**** Task inputs
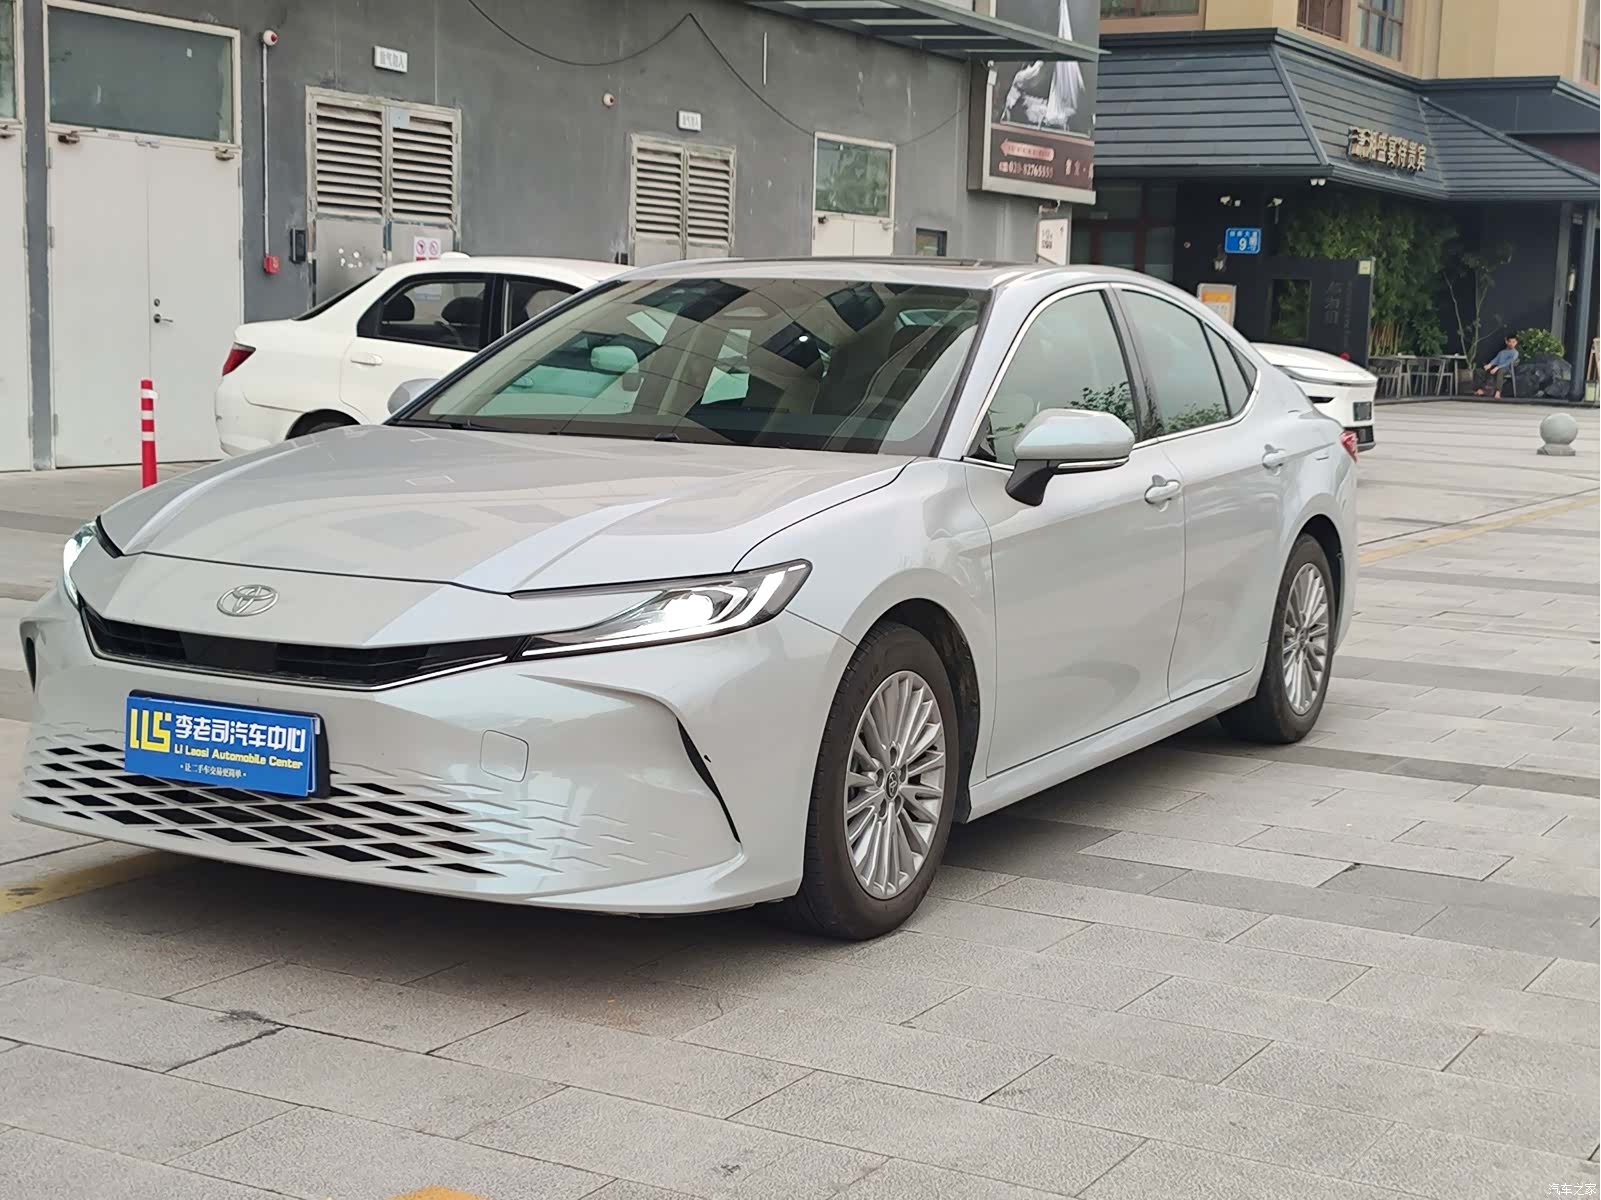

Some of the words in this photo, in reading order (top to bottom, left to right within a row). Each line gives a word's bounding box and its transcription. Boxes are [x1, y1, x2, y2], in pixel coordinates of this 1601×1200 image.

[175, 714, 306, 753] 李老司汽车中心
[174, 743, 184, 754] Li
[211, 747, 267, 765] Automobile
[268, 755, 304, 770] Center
********
» **Action item**: An exact copy of all the lines above is required, with the pictures removed.

» **Written solution**:
Some of the words in this photo, in reading order (top to bottom, left to right within a row). Each line gives a word's bounding box and its transcription. Boxes are [x1, y1, x2, y2], in pixel coordinates of this 1601×1200 image.

[175, 714, 306, 753] 李老司汽车中心
[174, 743, 184, 754] Li
[211, 747, 267, 765] Automobile
[268, 755, 304, 770] Center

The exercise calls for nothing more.